Por Xandu Alves | São José dos Campos
| Tempo de leitura: 2 min
Divulgação
Ufólogo Edison Boaventura Jr. mostra local na praia de Ubatuba em que Ovni teria caído em 1957

O Vale do Paraíba está no epicentro da investigação mundial sobre a aparição de seres extraterrestres e de objetos voadores não identificados, os Ovnis– UFO, na sigla em inglês.

Nesse contexto, São José dos Campos é considerada a ‘Área 51’ brasileira, em referência à base da Força Aérea dos Estados Unidos, em Nevada, associada a eventos alienígenas.

Dois dos quatro casos mais emblemáticos da Ufologia brasileira aconteceram no Vale e se tornaram clássicos mundiais de supostos avistamentos de alienígenas, tema que ganhou impulso nas últimas semanas com revelações de que o governo dos EUA esconde naves e restos biológicos não humanos.

“O Vale chama muito atenção dos Ovnis por estar atrelado ao desenvolvimento na área espacial. São José é espécie de Área 51 tecnológica.

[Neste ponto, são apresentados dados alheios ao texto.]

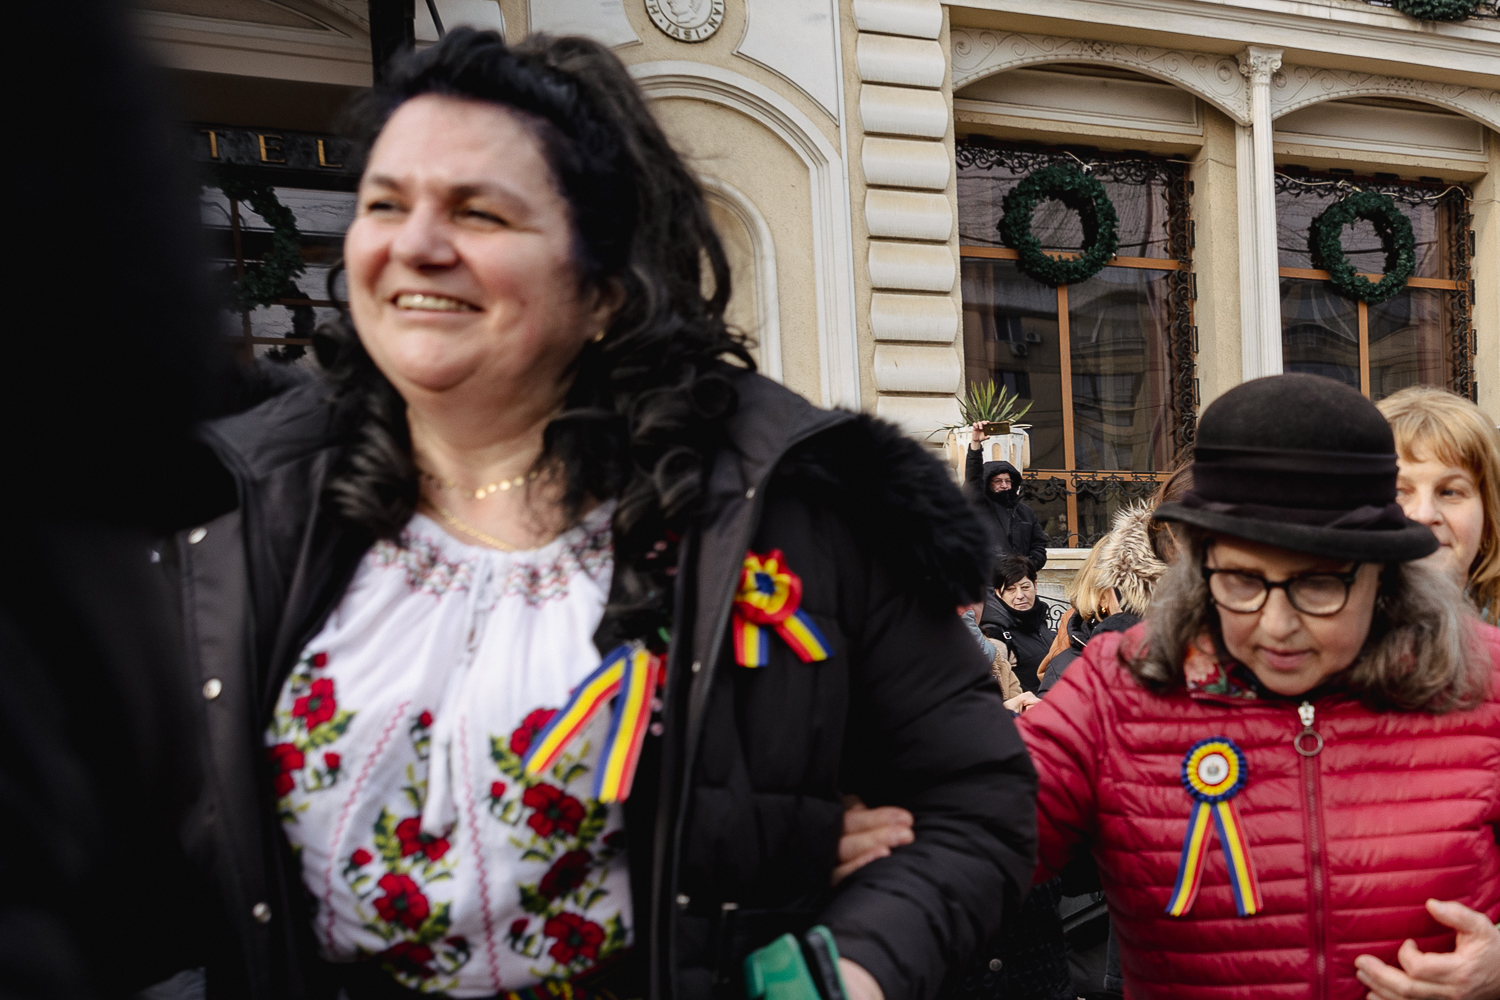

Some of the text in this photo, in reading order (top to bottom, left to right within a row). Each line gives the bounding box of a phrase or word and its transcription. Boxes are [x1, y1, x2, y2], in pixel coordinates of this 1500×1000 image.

[665, 0, 723, 40] IAN IASI
[199, 129, 343, 168] TEL

Não é incomum receber relatos de avistamentos no Vale, ainda mais agora que vivenciamos uma onda ufológica sem precedentes no Brasil”, diz Edison Boaventura Jr., um dos principais ufólogos brasileiros em atividade.

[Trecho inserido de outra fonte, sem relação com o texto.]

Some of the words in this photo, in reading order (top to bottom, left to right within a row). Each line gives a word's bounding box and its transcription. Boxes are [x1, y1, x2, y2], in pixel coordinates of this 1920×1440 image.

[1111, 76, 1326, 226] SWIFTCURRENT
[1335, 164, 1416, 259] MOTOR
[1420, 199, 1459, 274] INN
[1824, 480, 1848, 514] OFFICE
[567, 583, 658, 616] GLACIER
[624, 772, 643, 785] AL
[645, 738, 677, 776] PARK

Escritor, apresentador do canal ‘Enigmas e Mistérios’ e coeditor da revista Ovni Pesquisa, Boaventura conta que o primeiro caso famoso na região ocorreu na praia das Toninhas, em Ubatuba, na noite de 7 de setembro de 1957.

Pescadores que moravam no local avistaram um objeto pousar na praia. Ao tentar decolar, o objeto explodiu e lançou diversos fragmentos. Um dos pescadores pegou um dos maiores, segundo Boaventura, mas o artefato acabou confiscado pela Marinha.

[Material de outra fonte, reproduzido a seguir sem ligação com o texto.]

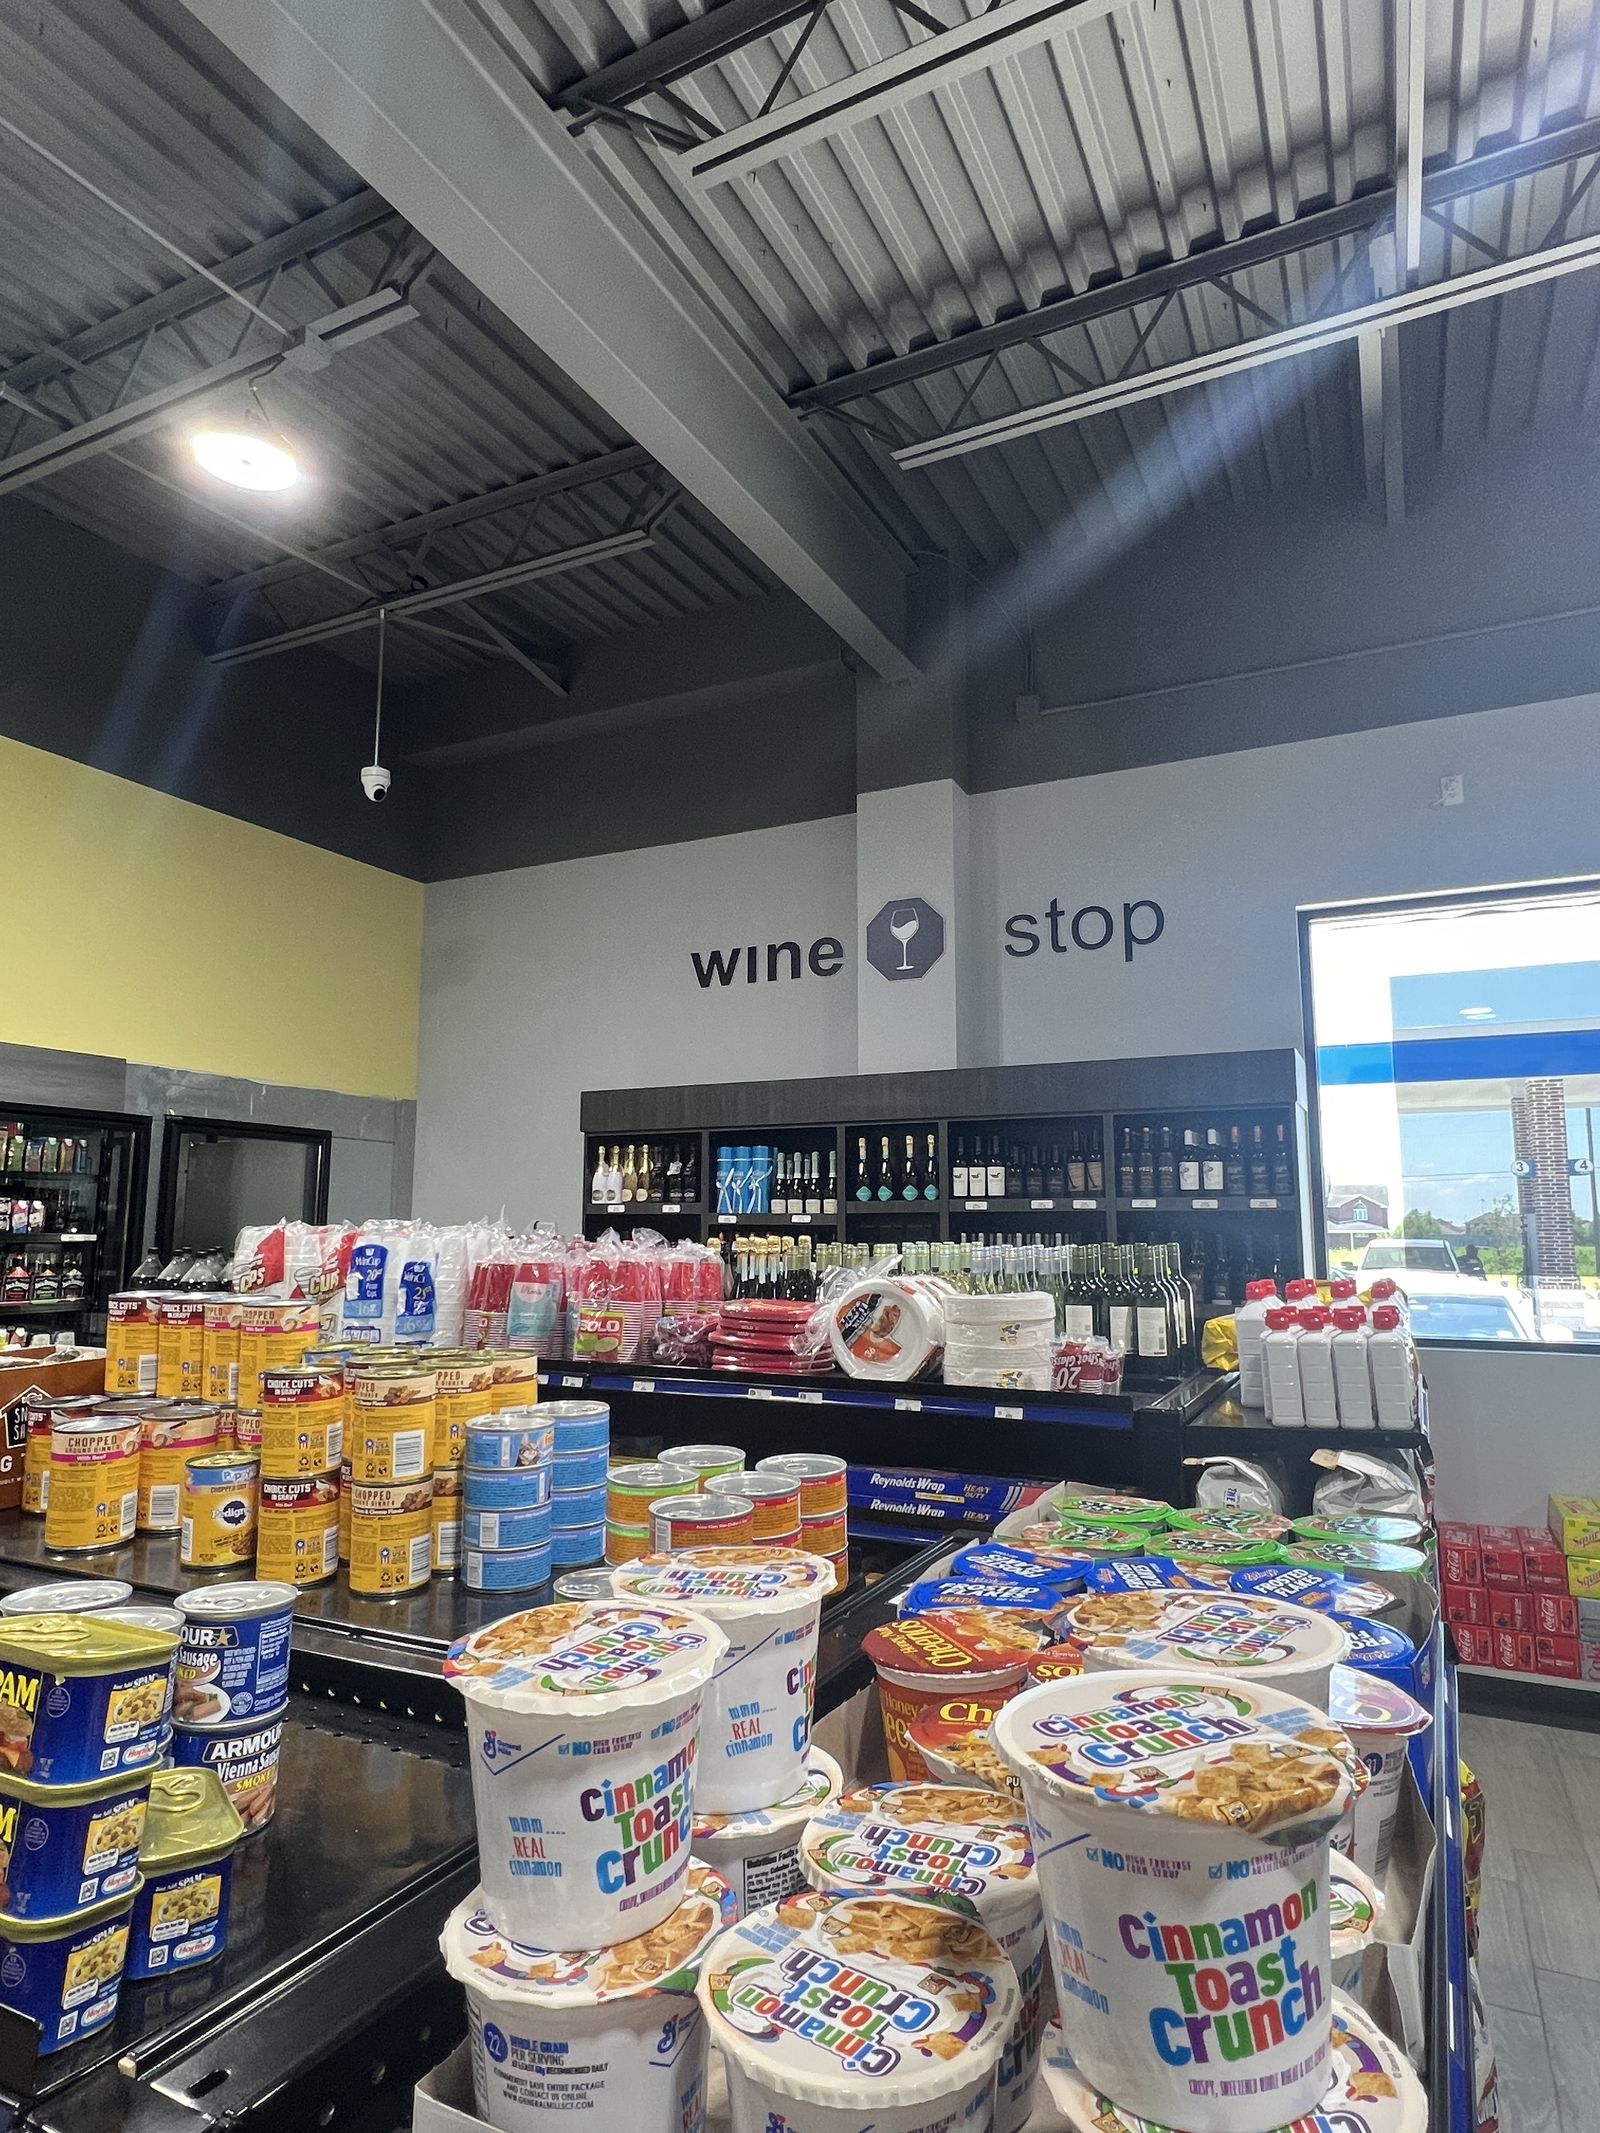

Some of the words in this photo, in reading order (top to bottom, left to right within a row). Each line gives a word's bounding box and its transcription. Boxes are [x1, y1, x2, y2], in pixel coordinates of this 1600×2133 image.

[690, 936, 844, 989] wine
[1003, 897, 1165, 962] stop
[1516, 1162, 1524, 1172] 3
[1579, 1160, 1588, 1170] 4
[355, 1256, 382, 1267] WinCup
[580, 1318, 620, 1333] SOLO
[267, 1379, 290, 1389] CHOICE
[292, 1378, 315, 1388] CUTS
[1056, 1366, 1081, 1390] 20
[68, 1436, 118, 1448] CHOPPED
[263, 1483, 287, 1493] CHOICE
[288, 1483, 311, 1493] CUTS
[870, 1472, 917, 1490] Reynolds
[917, 1477, 945, 1493] Wrap
[963, 1483, 992, 1493] HEAVY
[963, 1510, 992, 1521] HEAVY
[668, 1570, 784, 1584] Crunch
[938, 1582, 1040, 1595] FROSTED
[1253, 1568, 1310, 1595] FROSTED
[1274, 1574, 1324, 1598] FLAKES
[648, 1584, 778, 1598] Cinnamon
[1160, 1605, 1253, 1645] Crunch
[1225, 1616, 1308, 1656] Cinnamon
[540, 1623, 658, 1671] Crunch
[581, 1636, 661, 1672] Toast
[892, 1620, 973, 1667] Cheerios
[179, 1649, 218, 1673] Sausage
[585, 1634, 703, 1687] Cinnamon
[1039, 1690, 1202, 1736] Cinnamon
[1085, 1708, 1199, 1742] Toast
[731, 1717, 762, 1741] REAL
[1082, 1716, 1250, 1765] Crunch
[572, 1740, 592, 1756] NO
[725, 1732, 773, 1758] cinnamon
[216, 1756, 258, 1782] Vienna
[614, 1767, 692, 1850] Toast
[513, 1836, 547, 1859] REAL
[864, 1824, 997, 1865] Crunch
[509, 1860, 562, 1878] cinnamon
[874, 1845, 967, 1876] Toast
[1101, 1848, 1125, 1872] NO
[1226, 1860, 1250, 1880] NO
[178, 1873, 203, 1889] SPAM
[836, 1853, 986, 1895] Cinnamon
[1118, 1878, 1319, 1962] Cinnamon
[178, 1938, 212, 1954] Hormel
[1164, 1934, 1303, 2015] Toast
[785, 1949, 933, 2031] Crunch
[783, 1979, 888, 2042] Toast
[1148, 1958, 1322, 2067] Crunch
[736, 1986, 898, 2075] Cinnamon
[527, 2050, 565, 2067] SERVING
[519, 2088, 550, 2101] CONTACT
[560, 2091, 587, 2101] ONLINE
[571, 2080, 605, 2092] PACKAGE

Fragmentos menores foram enviados ao colunista Ibraim Sued (1924-1995), que escreveu sobre o assunto, e ao médico e ufólogo Olavo Teixeira Fontes, o primeiro a pesquisar os pedaços de metal.

Segundo Boaventura, o metal de Ubatuba passou por cientistas brasileiros, americanos e franceses, além de laboratórios e universidades. Todos os resultados indicavam alta concentração e pureza de magnésio, do tipo não encontrado na Terra e diferente do extraído de meteoritos.

“A morfologia e a química desse material indicam que não se trata de meteorito. Análise estrutural é que aparentemente é algo que foi trabalhado. Não é feita pela natureza. Em 1957, a gente não tinha na região de Ubatuba nenhuma metalurgia para fazer isso. Apenas os EUA tinham laboratórios para criar um magnésio com alto grau de pureza. É muito estranho”, diz o ufólogo, que possuiu quatro fragmentos do metal de Ubatuba.

Segundo ele, outros fragmentos estão no Museu Ovni na Argentina e na Universidade de Stanford (EUA), além de pedaços com o Garry Nolan, professor de Stanford que analisou e descobriu que os isótopos desse material do magnésio de Ubatuba eram 30% diferentes de qualquer magnésio encontrado na Terra.

“A evidência física como de Ubatuba dá um respaldo grande para o caso. A explosão de Ubatuba é um caso clássico brasileiro e um dos mais importantes juntamente com Varginha, a Noite Oficial dos Ovnis e a Operação Prato”, afirma Boaventura.